Knowing that extraradicular infection can be dependent or independent of the intraradicular infections, Actinomyces and Propionibacterium propionicu species are the only species capable of forming an independent extraradicular infection in pathological entity named apical actinomycosis. In this case, the endodontic failure may be due to both the previous substandard endodontic treatment and the presence of the Actinomyces species in the periapical area [10, 11].

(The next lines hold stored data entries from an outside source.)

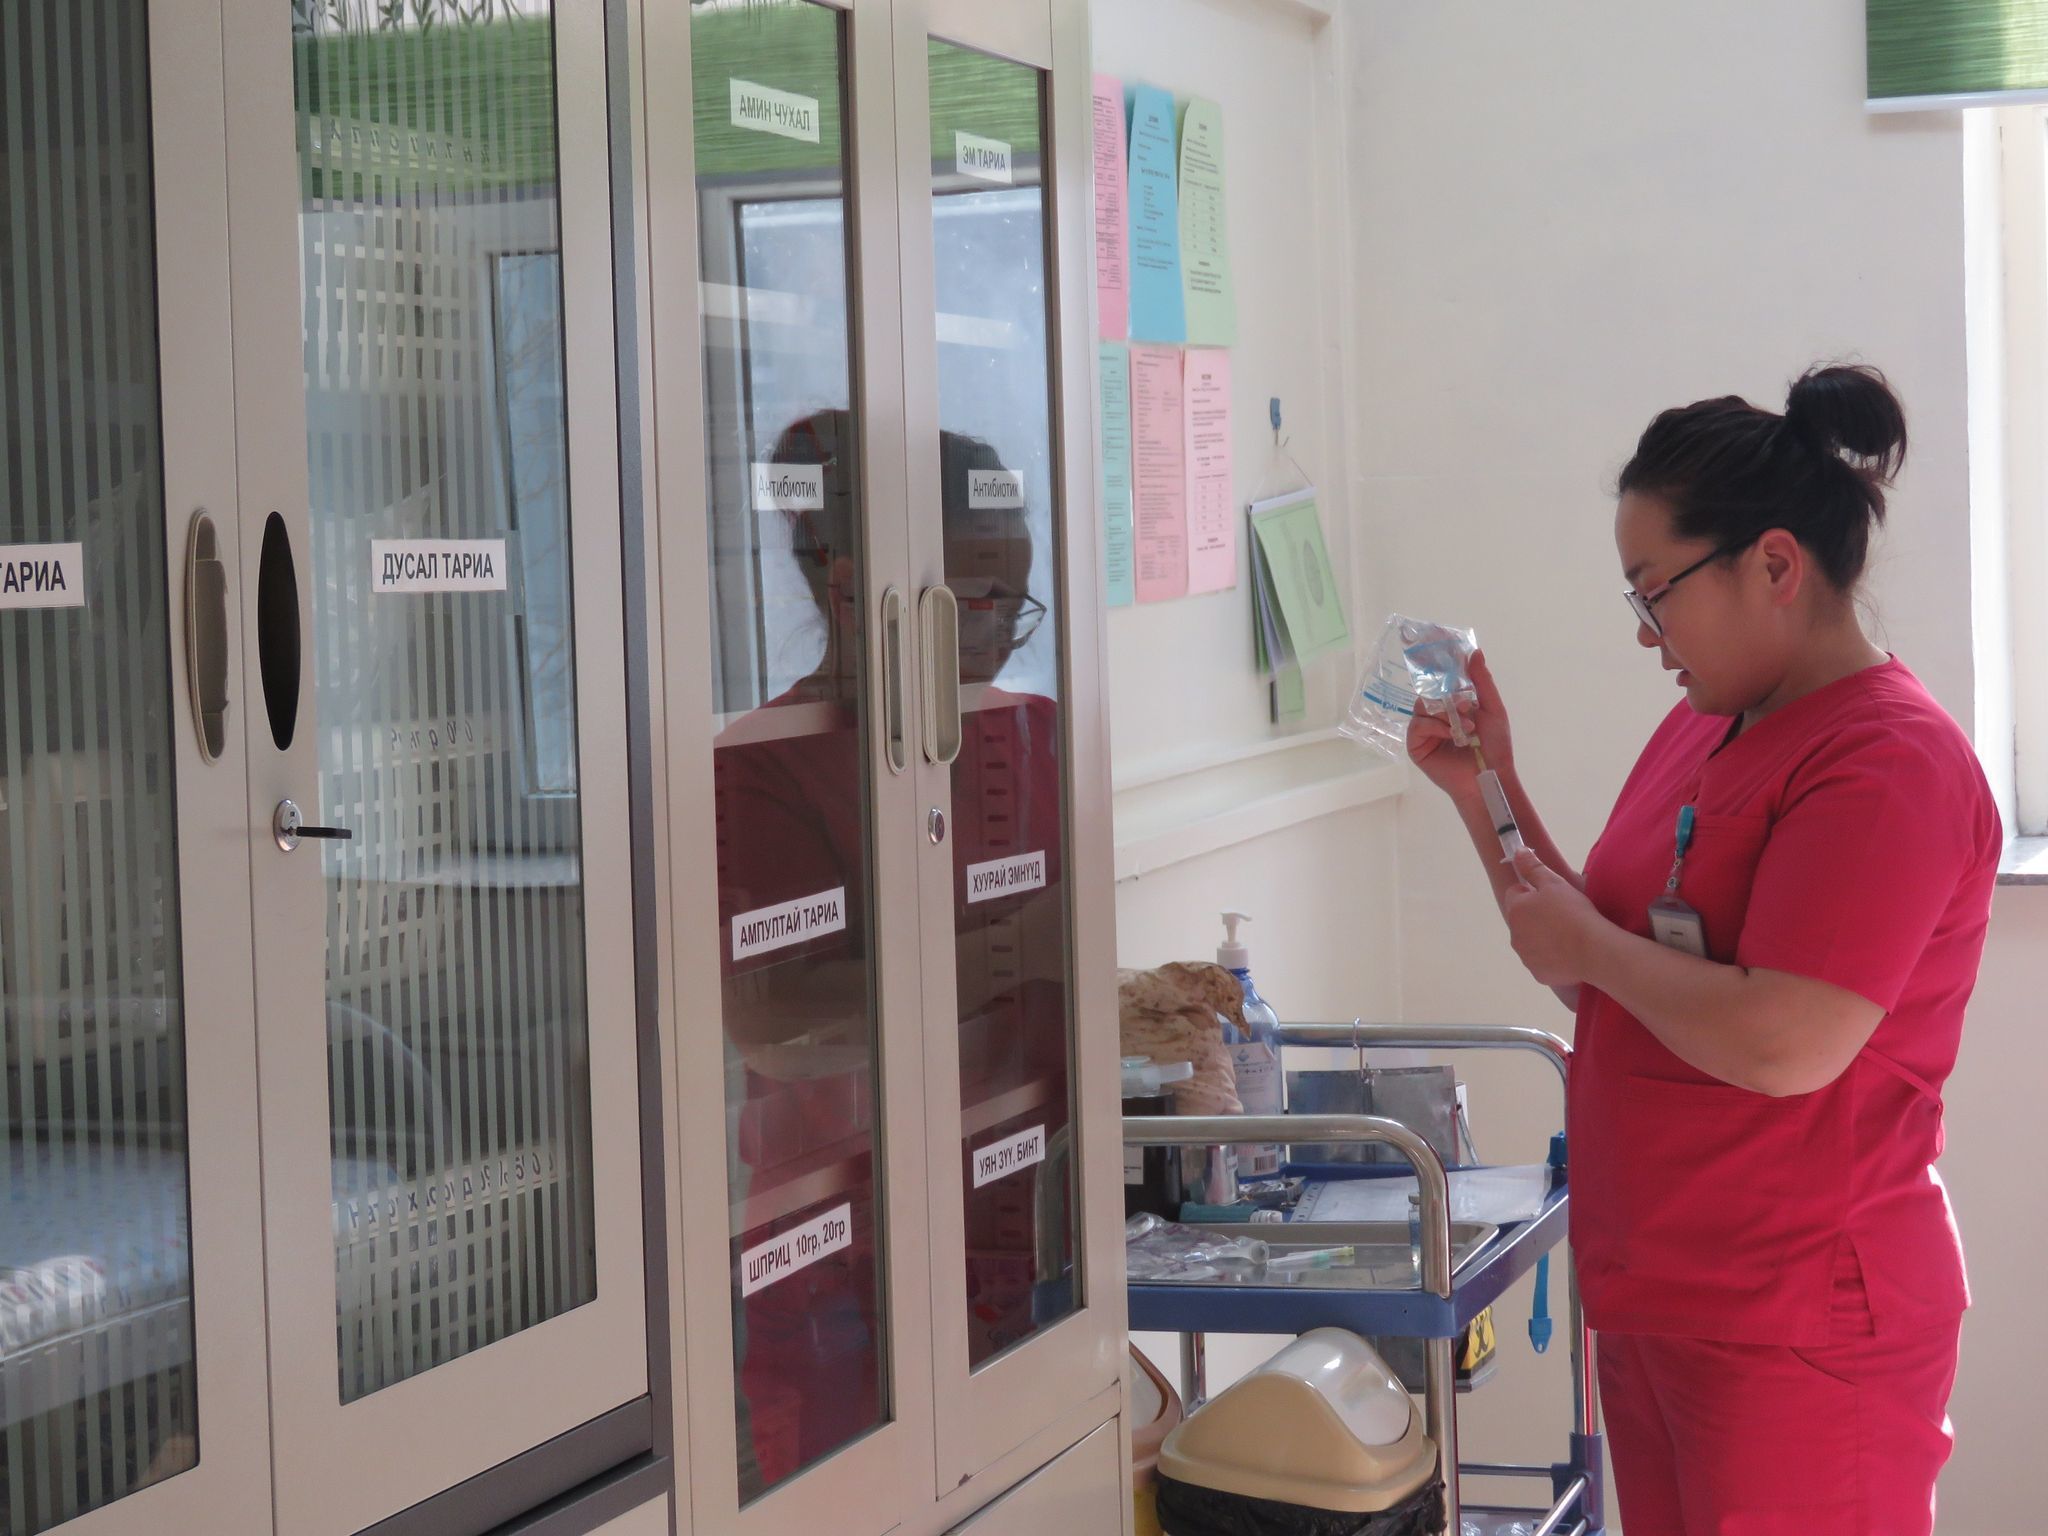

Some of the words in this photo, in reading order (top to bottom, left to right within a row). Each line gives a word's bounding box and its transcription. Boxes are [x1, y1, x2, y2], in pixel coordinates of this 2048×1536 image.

[740, 94, 771, 123] АМИН
[774, 102, 810, 131] ЧУХАЛ
[962, 145, 976, 166] ЭМ
[977, 148, 1006, 172] ТАРИА
[758, 474, 817, 498] Антибиотик
[973, 477, 1019, 498] Антибиотик
[0, 560, 67, 594] АРИА
[382, 552, 438, 585] ДУСАЛ
[441, 552, 495, 579] ТАРИА
[973, 864, 1006, 894] ХУУРАЙ
[740, 905, 801, 948] АМПУЛТАЙ
[803, 900, 839, 929] ТАРИА
[979, 1153, 997, 1178] УЯН
[1016, 1136, 1039, 1162] БИНТ
[749, 1242, 791, 1283] ШПРИЦ
[796, 1234, 821, 1258] 10гр,
[822, 1220, 846, 1244] 20гр
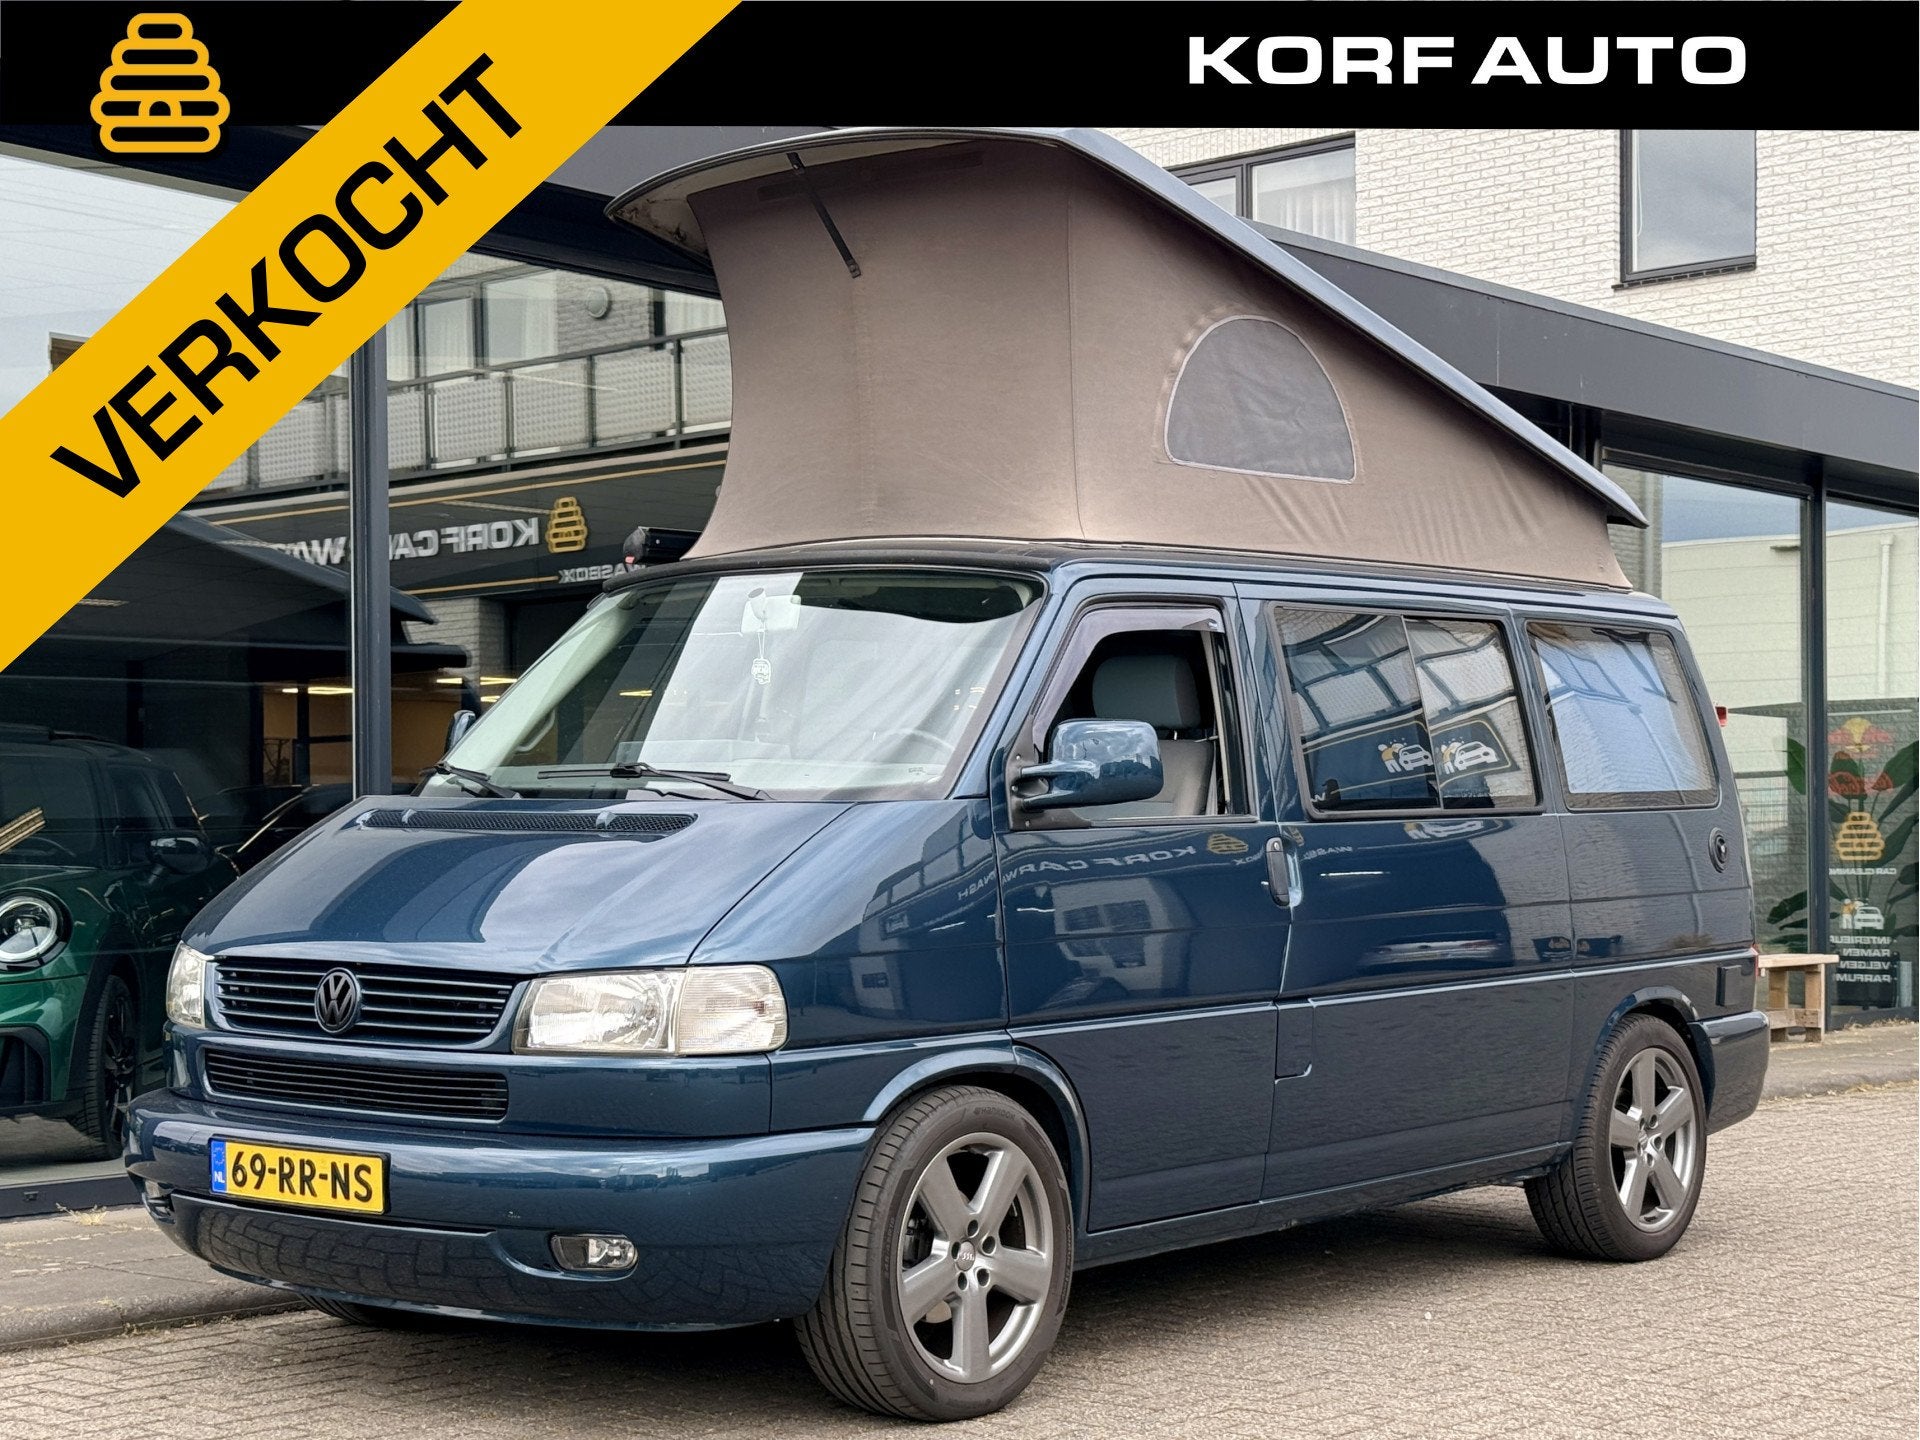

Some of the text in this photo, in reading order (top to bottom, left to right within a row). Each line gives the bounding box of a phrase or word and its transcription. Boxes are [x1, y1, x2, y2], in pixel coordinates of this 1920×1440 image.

[317, 968, 358, 1030] VW
[213, 1151, 373, 1203] NL 69-RR-NS

Many local (oral) and general health factors contribute to the physiopathological pathways of cervicofacial actinomycosis. Poor oral hygiene, dental caries, gingival inflammation or trauma, traumatic dental extraction, and cervicofacial surgery are among the oral factors. On the other hand, general health factors include immunocompromise and diabetic patients, male gender, and steroids [12]. In our presented case, the patient had many of these risk factors like age, medical conditions, and poor oral health.

Most of the publications on apical actinomycosis are case reports. Many treatment approaches were done that depend on the case. Alhezami in 2010 did incision and drainage of the lesion. Two weeks later, endodontic apical surgery was done [13]. On the other hand, extraction of the involved teeth in order to evaluate the deeper tissue and relief the pain considered to manage actinmycosis. This was done by Gannepalli et al., and few teeth were extracted followed by debridement of the area. In our case, the infection pathway was extremely irregular leading for osteomyelitis and hard texture alongside free gingiva and buccal vestibule location [5]. As a result, a conservative surgical approach by excisional biopsy and root canal retreatment was ending to symptom relief and proper healing. In addition, avoiding extraction when possible will lead for better oral health and improve the patient quality of life.

MTA used apically for 5 mm for RCT retreatment for #34. A 5 mm barrier demonstrated significantly greater microhardness than the 2 mm barrier MTA used after root canal preparation favored the occurrence of the apexification and periapical healing. The initial use of Ca (OH)2 paste was not necessary for apexification to occur and has shown to be strongly related to the extrusion of MTA and formation of barriers beyond the limits of the root canal walls [14]. Low cytotoxicity and the induction of mineralization are 2 desirable properties of MTA that may explain the bioregenerative and the biocompatibility of this biomaterial. The extrusion of the MTA root canal filling biomaterial from an open apex tooth into a periradicular lesion does not produce any complications [15].

Apart from the periapical type of actinomycosis, long-term systemic antibiotic therapy has been the treatment of choice for all the other types of actinomycosis. With duration ranging usually from 3 months to 1 year, the penicillin is the first drug of choice, and erythromycin and tetracyclines are alternative options [16]. In long-standing infections, fibrosis can reach in to advance level of sclerosis that inhibits the antibiotic penetration as a result of the poor vascularity. In addition, the sulfur granule has a protective nature, making high doses needed for effective therapy following RCT, extraction, or surgical intervention [16]. In our case, the previous oral antibiotic taken by the patient was ineffective. However, after lesion removal and RCT, antibiotic was prescribed as shown by some reported cases and considering patient medical history.

4. Conclusion

Oral periapical actinomycosis is a long-standing infection presents in unusual ways in the mouth. With its benign potential, educating the health care providers and general dental practitioner will result in better transfer of the case for proper diagnosis and management. Using cultures and histopathology to reach the definitive diagnosis, a conservative approach that avoids extraction should be considered if possible specially when it reliefs the patient symptoms and provides good prognosis.

Data Availability

Data available are in the main text.

Conflicts of Interest

The author declares that she has no conflict of interest.